▸ **Records provided**

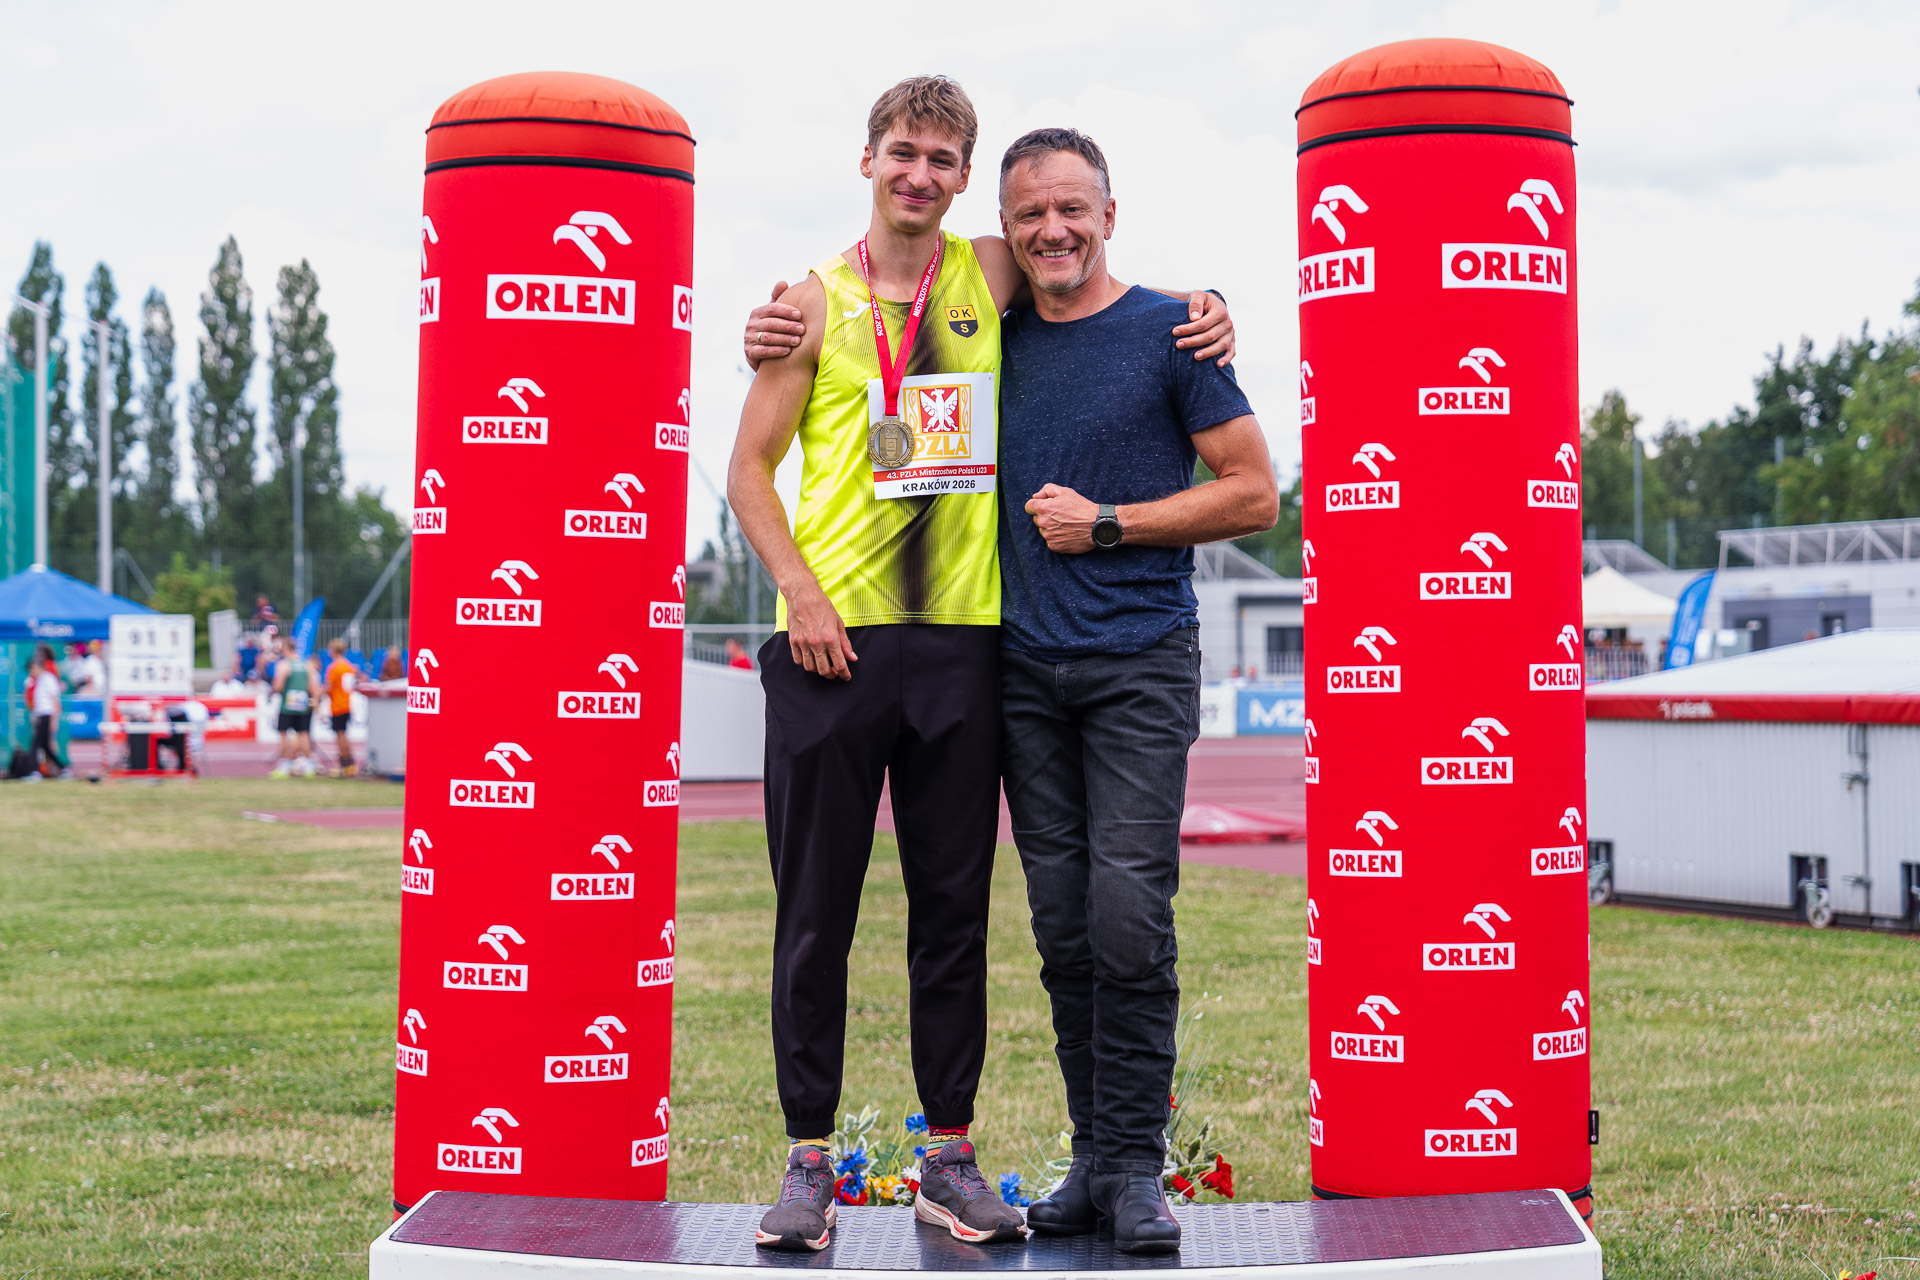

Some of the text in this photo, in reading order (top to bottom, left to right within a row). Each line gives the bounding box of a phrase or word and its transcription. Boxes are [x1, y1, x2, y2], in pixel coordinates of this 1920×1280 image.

[1298, 255, 1365, 297] RLEN
[1451, 250, 1561, 285] ORLEN
[495, 282, 625, 316] ORLEN
[875, 320, 884, 337] 2026
[960, 323, 969, 333] S
[1424, 392, 1503, 410] ORLEN
[468, 421, 541, 439] ORLEN
[913, 434, 968, 457] PZLA
[886, 466, 988, 480] 43. PZLA Mistrzostwa Polski U23
[902, 478, 976, 492] KRAKÓW 2026
[1532, 485, 1576, 504] ORLEN
[1330, 486, 1393, 507] ORLEN
[570, 515, 641, 534] ORLEN
[1426, 577, 1505, 595] ORLEN
[461, 603, 534, 621] ORLEN
[1331, 670, 1394, 689] ORLEN
[1534, 668, 1578, 686] ORLEN
[564, 696, 635, 714] ORLEN
[1427, 762, 1507, 780] ORLEN
[455, 784, 528, 803] ORLEN
[1333, 854, 1395, 872] ORLEN
[1536, 851, 1581, 871] ORLEN
[557, 878, 629, 896] ORLEN
[1429, 947, 1509, 966] ORLEN
[448, 966, 521, 986] ORLEN
[1335, 1036, 1397, 1057] ORLEN
[1538, 1032, 1583, 1055] ORLEN
[550, 1058, 623, 1078] ORLEN
[1430, 1133, 1511, 1152] ORLEN
[442, 1148, 515, 1169] ORLEN
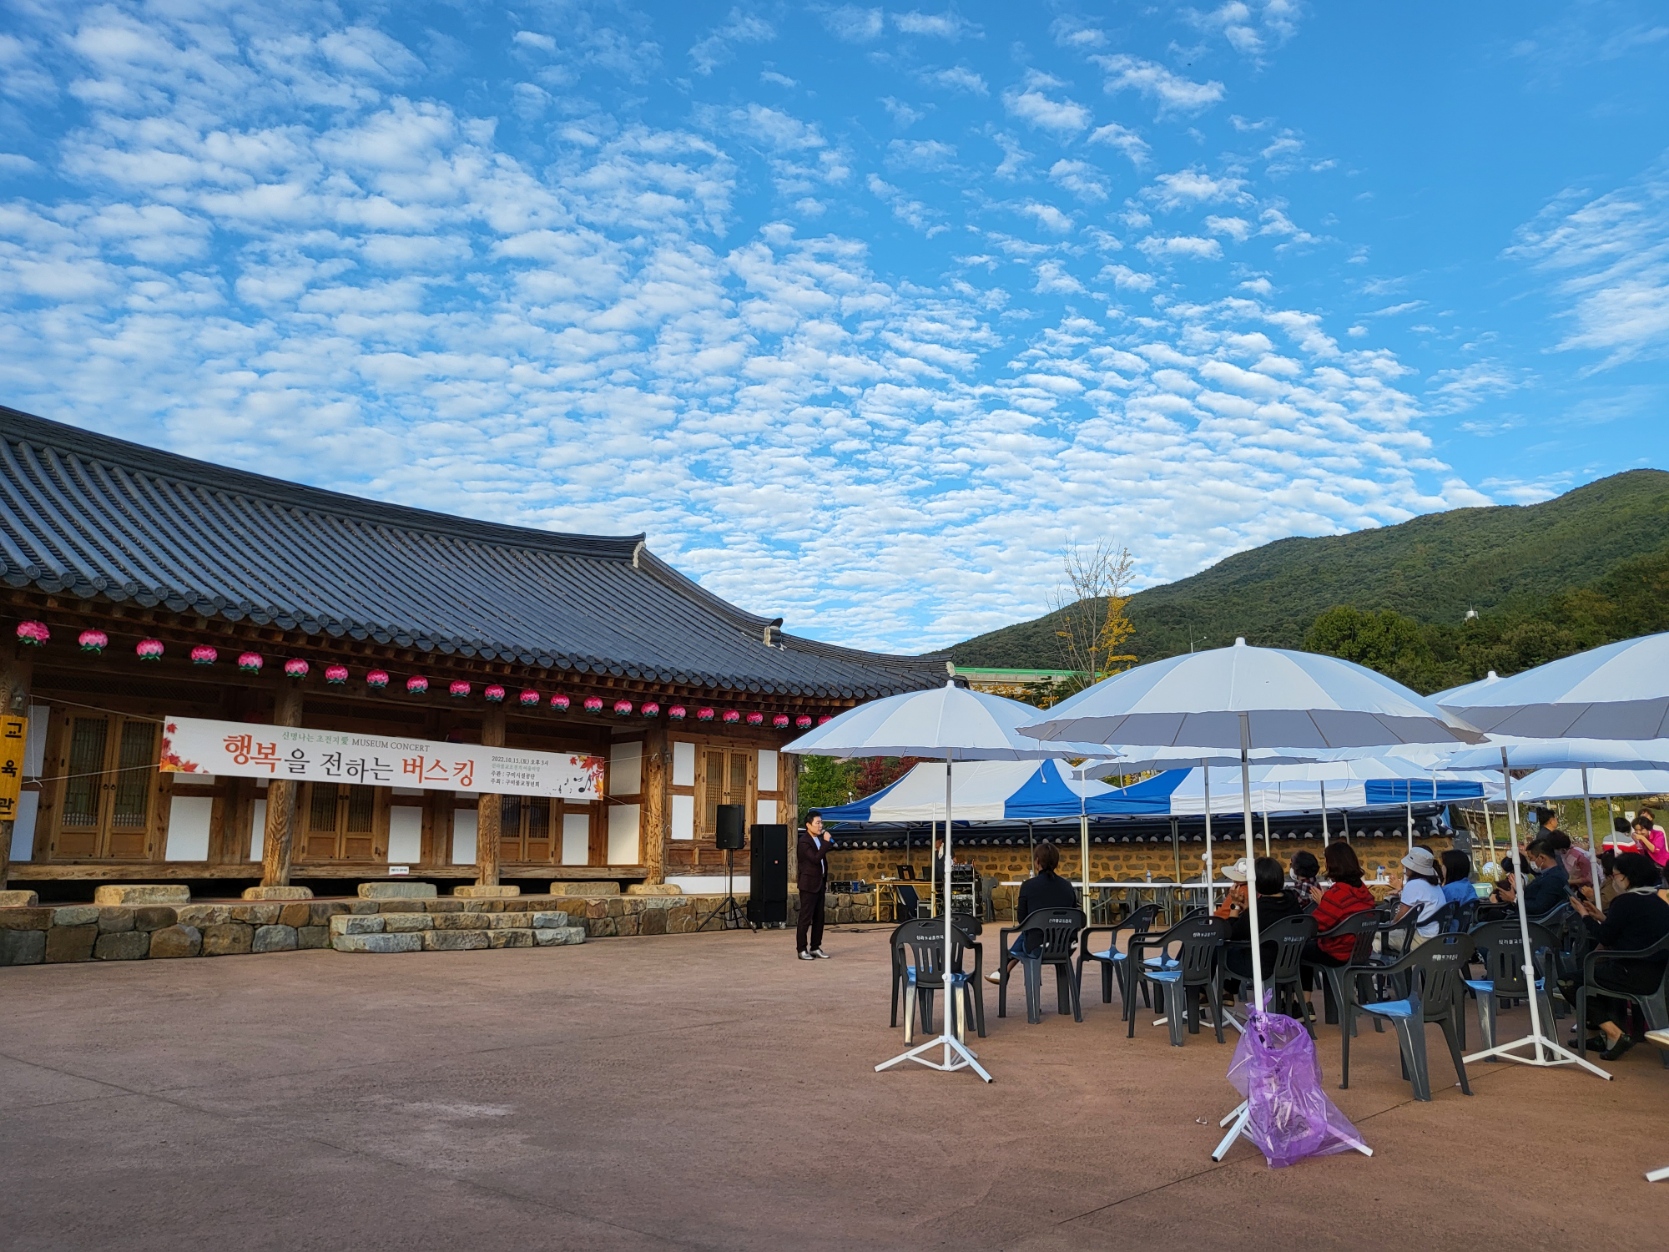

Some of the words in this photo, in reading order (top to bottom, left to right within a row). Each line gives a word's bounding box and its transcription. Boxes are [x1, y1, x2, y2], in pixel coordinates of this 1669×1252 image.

[223, 733, 311, 774] 행복을
[320, 751, 394, 783] 전하는
[402, 754, 475, 787] 버스킹
[282, 731, 314, 743] 신명나는
[352, 738, 389, 749] MUSEUM
[390, 741, 430, 752] CONCERT
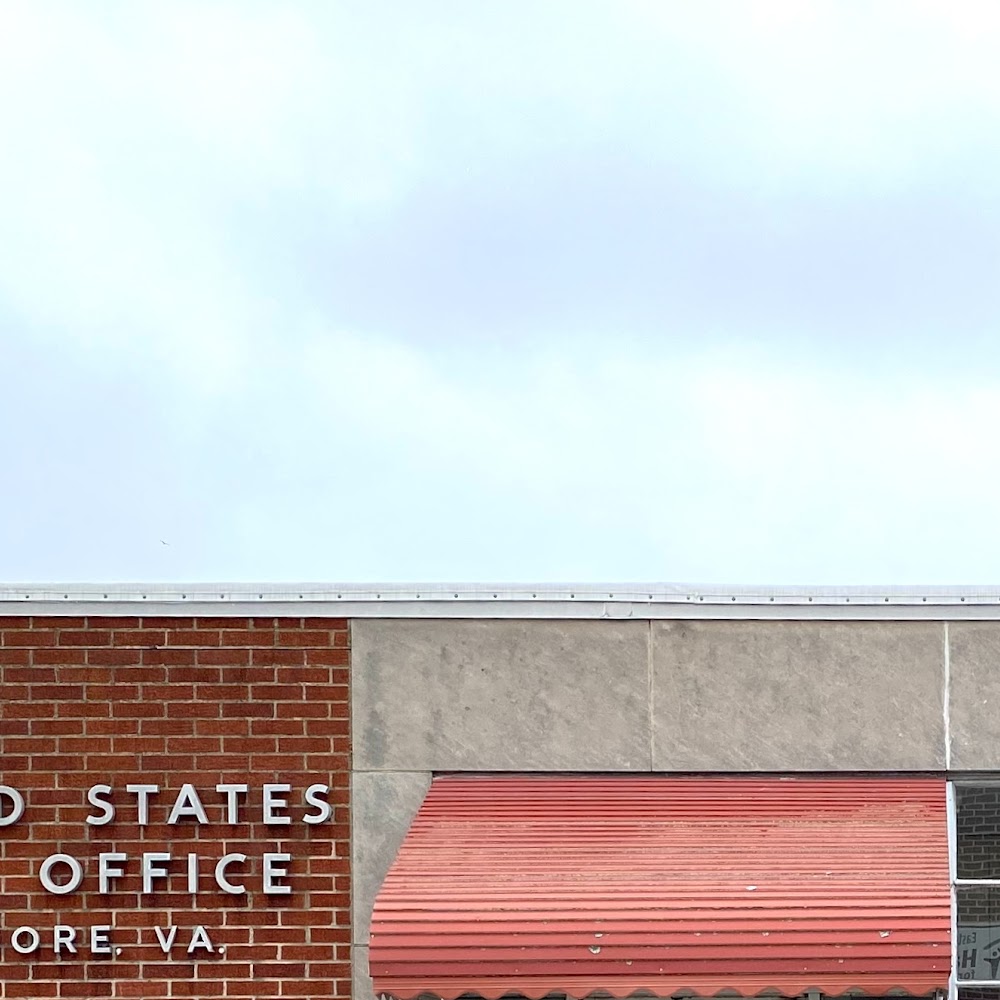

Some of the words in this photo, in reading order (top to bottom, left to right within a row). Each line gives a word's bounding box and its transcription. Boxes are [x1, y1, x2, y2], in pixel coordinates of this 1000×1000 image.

[86, 784, 333, 826] STATES
[39, 853, 292, 895] OFFICE
[154, 925, 225, 954] VA.

▸ **Work instruction**
Print every record exactly, without the pictures.

▸ **Output for this task**
Some of the text in this photo, in reading order (top to bottom, left to right within a row). Each line gives the bounding box of a phrase or word and its transcription. Boxes are [x1, y1, x2, y2], in pixel coordinates of this 1920×1280 image.

[1298, 255, 1365, 297] RLEN
[1451, 250, 1561, 285] ORLEN
[495, 282, 625, 316] ORLEN
[875, 320, 884, 337] 2026
[960, 323, 969, 333] S
[1424, 392, 1503, 410] ORLEN
[468, 421, 541, 439] ORLEN
[913, 434, 968, 457] PZLA
[886, 466, 988, 480] 43. PZLA Mistrzostwa Polski U23
[902, 478, 976, 492] KRAKÓW 2026
[1532, 485, 1576, 504] ORLEN
[1330, 486, 1393, 507] ORLEN
[570, 515, 641, 534] ORLEN
[1426, 577, 1505, 595] ORLEN
[461, 603, 534, 621] ORLEN
[1331, 670, 1394, 689] ORLEN
[1534, 668, 1578, 686] ORLEN
[564, 696, 635, 714] ORLEN
[1427, 762, 1507, 780] ORLEN
[455, 784, 528, 803] ORLEN
[1333, 854, 1395, 872] ORLEN
[1536, 851, 1581, 871] ORLEN
[557, 878, 629, 896] ORLEN
[1429, 947, 1509, 966] ORLEN
[448, 966, 521, 986] ORLEN
[1335, 1036, 1397, 1057] ORLEN
[1538, 1032, 1583, 1055] ORLEN
[550, 1058, 623, 1078] ORLEN
[1430, 1133, 1511, 1152] ORLEN
[442, 1148, 515, 1169] ORLEN

Some of the words in this photo, in reading order (top to bottom, left to right within a row). Each line gives a word's bounding box and its transcription. Boxes are [x1, y1, x2, y2], in pixel coordinates of this 1669×1252 image.

[223, 733, 311, 774] 행복을
[320, 751, 394, 783] 전하는
[402, 754, 475, 787] 버스킹
[282, 731, 314, 743] 신명나는
[352, 738, 389, 749] MUSEUM
[390, 741, 430, 752] CONCERT

Some of the words in this photo, in reading order (top to bottom, left to right within a row). Each line gives a word's bounding box and its transcription. Boxes are [x1, y1, x2, y2], in pixel coordinates of this 1000×1000 image.

[86, 784, 333, 826] STATES
[39, 853, 292, 895] OFFICE
[154, 925, 225, 954] VA.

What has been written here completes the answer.